After the product load challenge has been identified, the BI positioning and placement can be determined. BIs should be distributed throughout the product load and, as much as possible, in the same orientation (e.g., vertical). The placement must include those locations that are considered to present the greatest challenge to the process and can be the same as those used for temperature monitoring. The ANSI/AAMI/ISO 11135-1994 standard suggests placing two BIs at each location with a temperature-monitoring device in order to obtain additional information on process efficacy. It also provides the following recommendation for the number of BIs to be included in each validation cycle:

  • At least 20 BIs for usable chamber volumes up to 5 m3.
  • Increase the number of BIs by two for every additional 1 m3 of usable sterilizer chamber volume between 5 and 10 m3.
  • Increase the number of BIs by two more for every additional 2 m3 of usable sterilizer chamber volume above 10 m3.
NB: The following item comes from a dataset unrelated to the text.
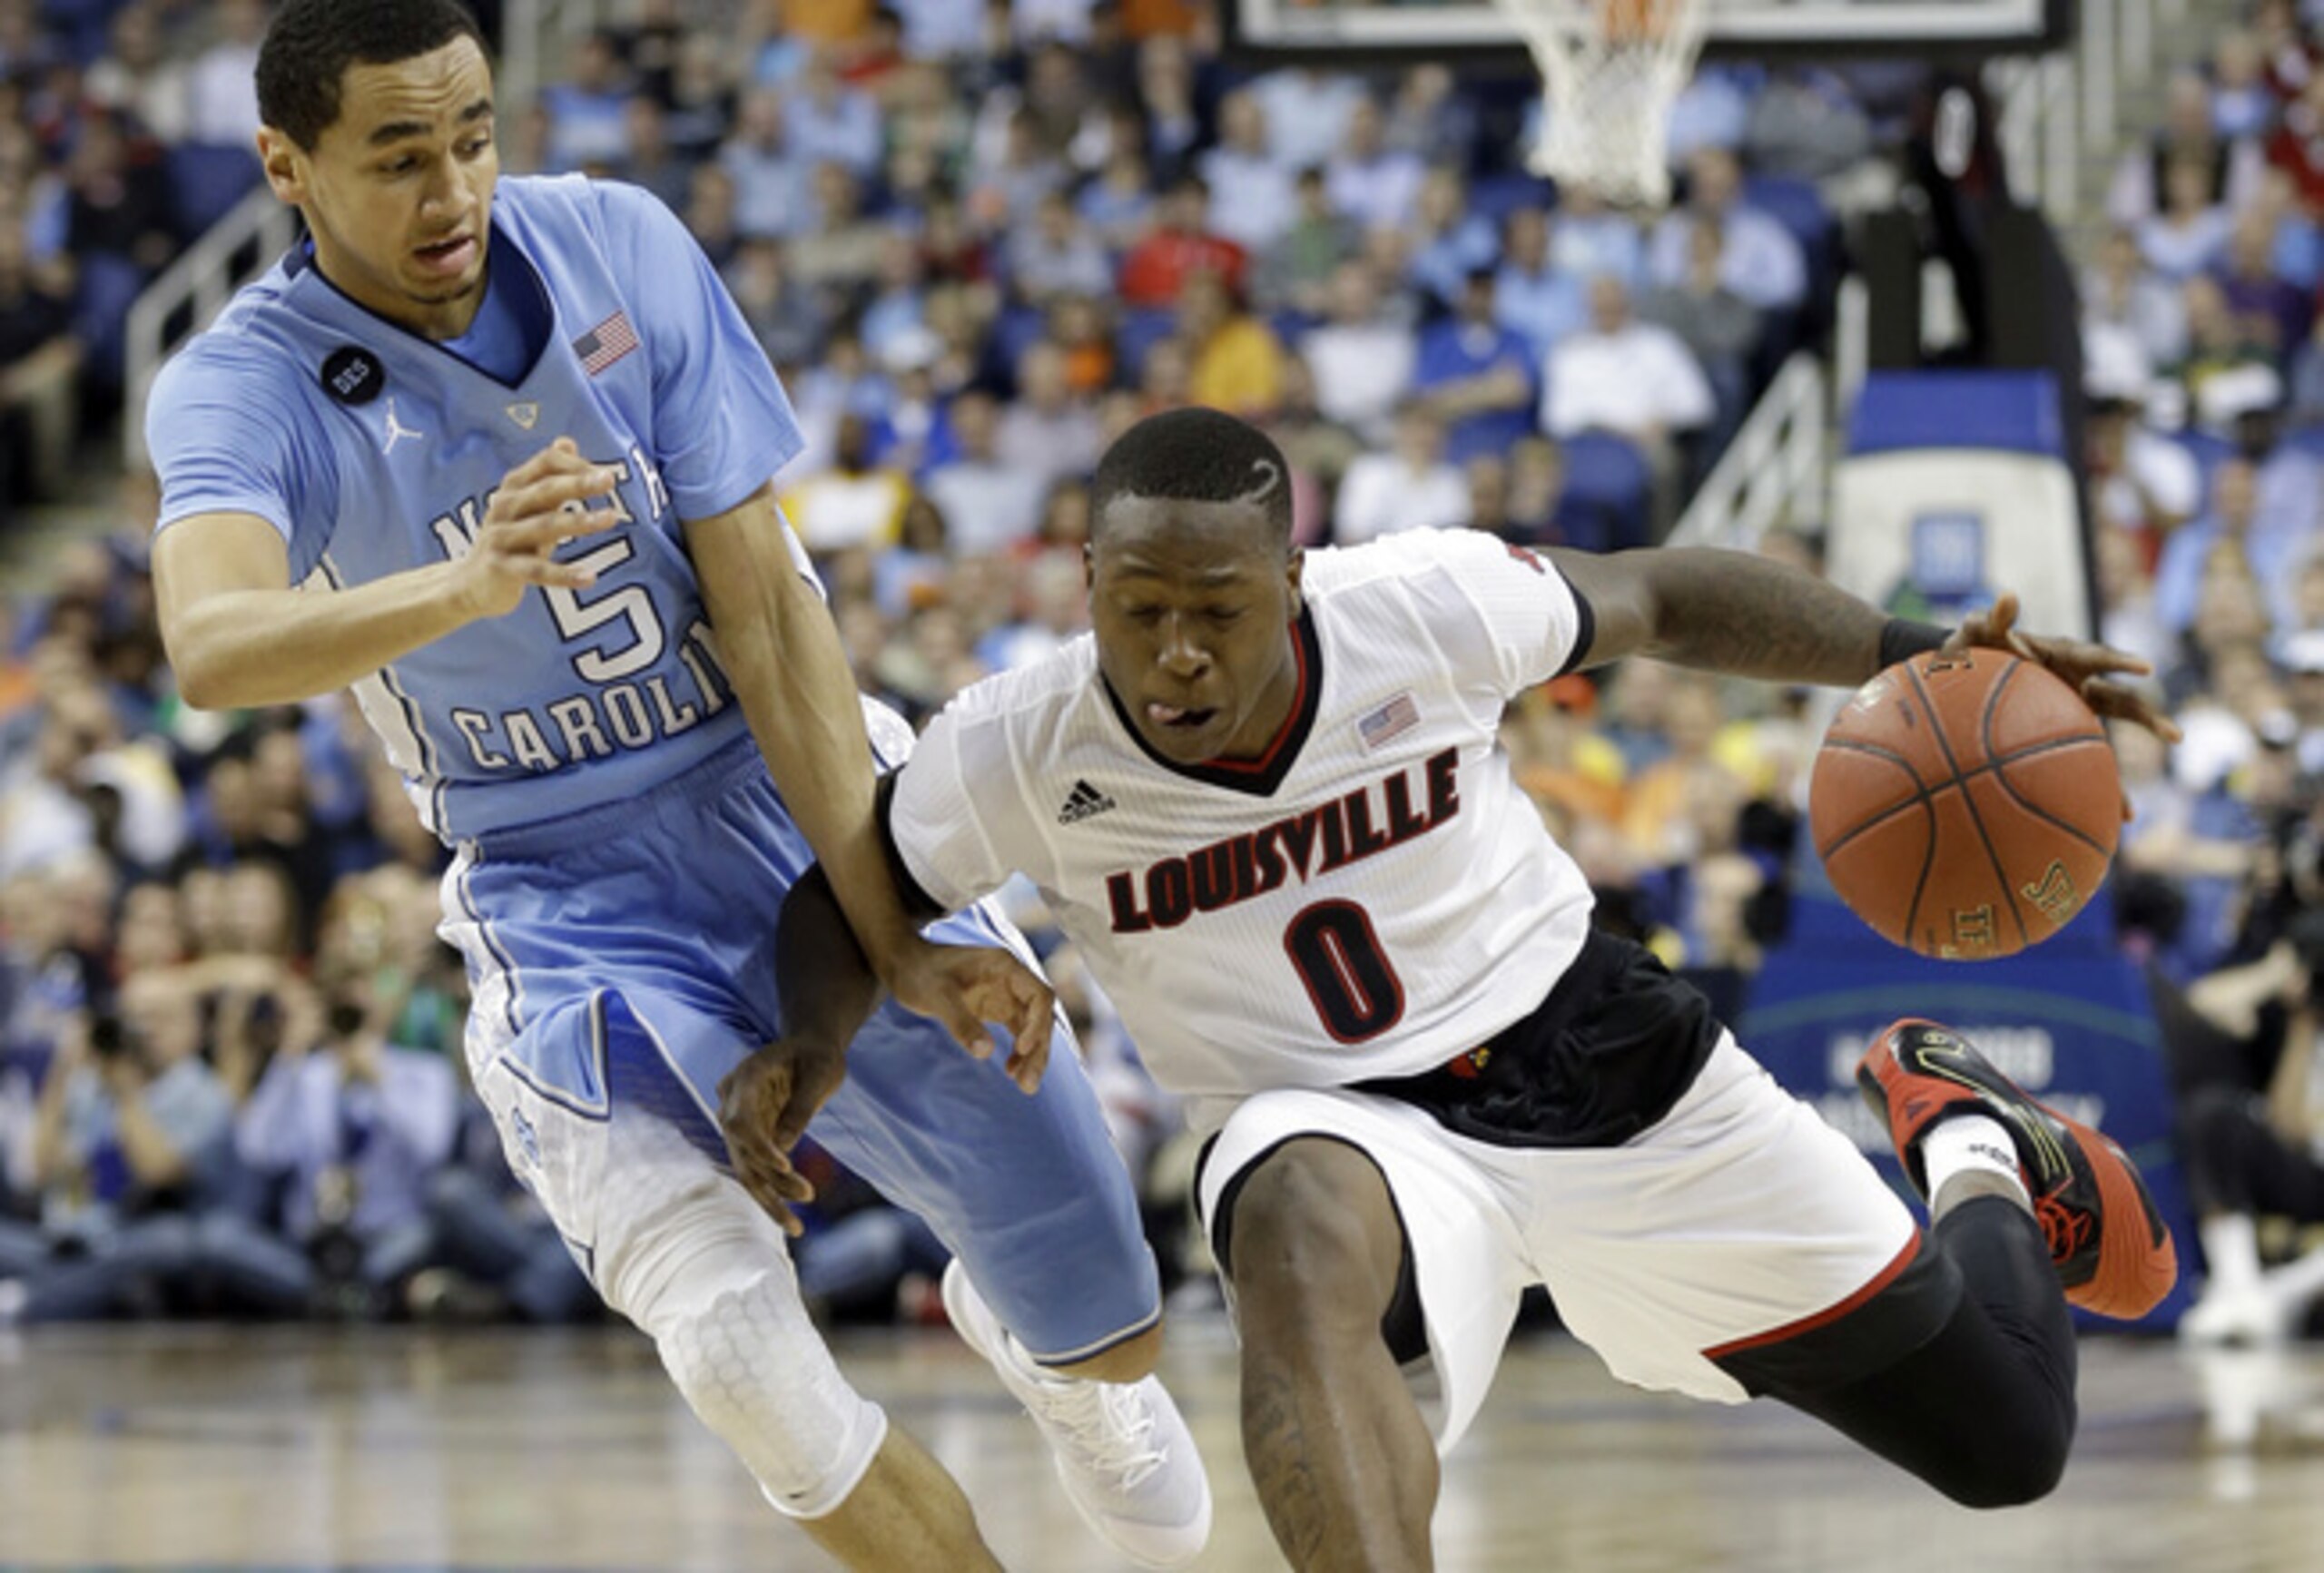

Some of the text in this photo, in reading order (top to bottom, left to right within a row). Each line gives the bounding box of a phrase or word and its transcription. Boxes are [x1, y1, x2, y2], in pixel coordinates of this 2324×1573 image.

[539, 535, 665, 685] 5
[1106, 746, 1460, 934] LOUISVILLE
[1283, 897, 1406, 1046] 0
The AAMI technical information report "Contract Sterilization for Ethylene Oxide" can provide additional information on the number of BIs and monitoring devices recommended based on product load volume.10


Results obtained from commissioning and physical performance qualification and monitoring devices should be used to identify critical features of the equipment or process that can be investigated during the MPQ. For example, it is critical that the sterilant injection time is consistent among the MPQ cycles to ensure a uniform delivery from one cycle to the next. Even minor changes in the sterilant injection time can result in significant differences in lethality.
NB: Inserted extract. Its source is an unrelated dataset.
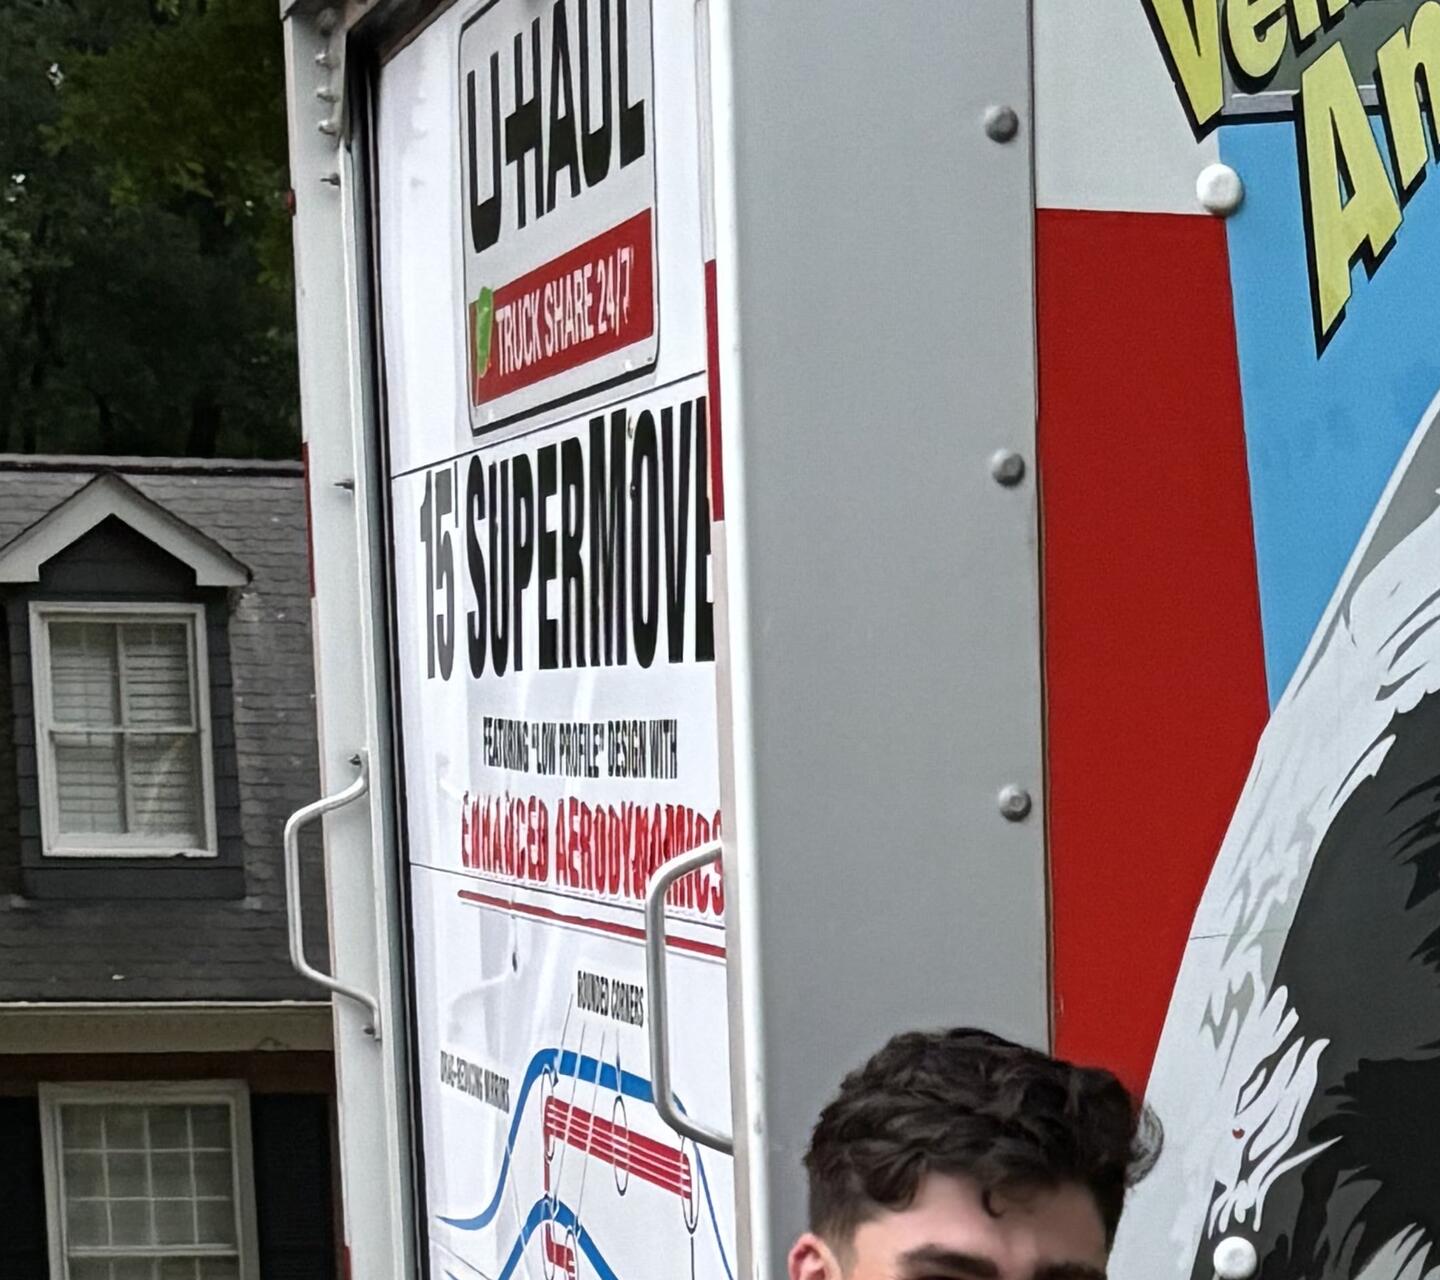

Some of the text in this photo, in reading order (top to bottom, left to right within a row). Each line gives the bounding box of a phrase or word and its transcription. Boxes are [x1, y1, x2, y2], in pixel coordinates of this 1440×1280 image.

[495, 247, 635, 377] TRUCK SHARE 24/7
[608, 719, 647, 778] DESIGN
[649, 718, 678, 780] WITH
The MPQ should be performed in the industrial chamber that will also be used for routine processing unless equivalency can be demonstrated between the industrial chamber and whatever chamber is used for the qualification. Maintaining the precise and consistent delivery of the sterilization cycle parameters is more difficult to accomplish in large industrial chambers than in small test chambers. It is also important to conduct these studies using the actual product load intended for routine sterilization. Hence, these studies are usually conducted in large industrial chambers rather than in small test chambers.

The MPQ can be performed by determining the lethality of the cycle on the basis of the number of D-values applied. The D-value is defined as "the time required to reduce a specific microbial population by 90% or one logarithm."4 The survivor curve construction or fraction-negative methods (described below) may be used as outlined in current standards.4 Another means of evaluating the MPQ is the half-cycle method, based on the number of times required to completely inactivate the BI microorganisms with an added margin of safety. The ultimate objective of each method is to determine the full cycle to which the product load must be exposed.

Survivor Curve Construction Method. The survivor curve construction method involves the direct enumeration of survivors in terms of colony forming units (CFUs) recovered after exposure to graded amounts of the sterilization cycle. A CFU is defined as "a visible outgrowth of a population of organisms arising from a single or multiple cells."2 A minimum of five cycles should be run, each using different graded time exposures to EtO.4 The parameters used, with the exception of the gas exposure time, must be kept consistent. The first cycle is a time zero study in which the initial CFU survival count of the BI is determined by exposing the BIs to all stages of the process, including preconditioning if used, prior to the EtO injection phase of the cycle. All BIs should survive because they will not be exposed to the sterilant.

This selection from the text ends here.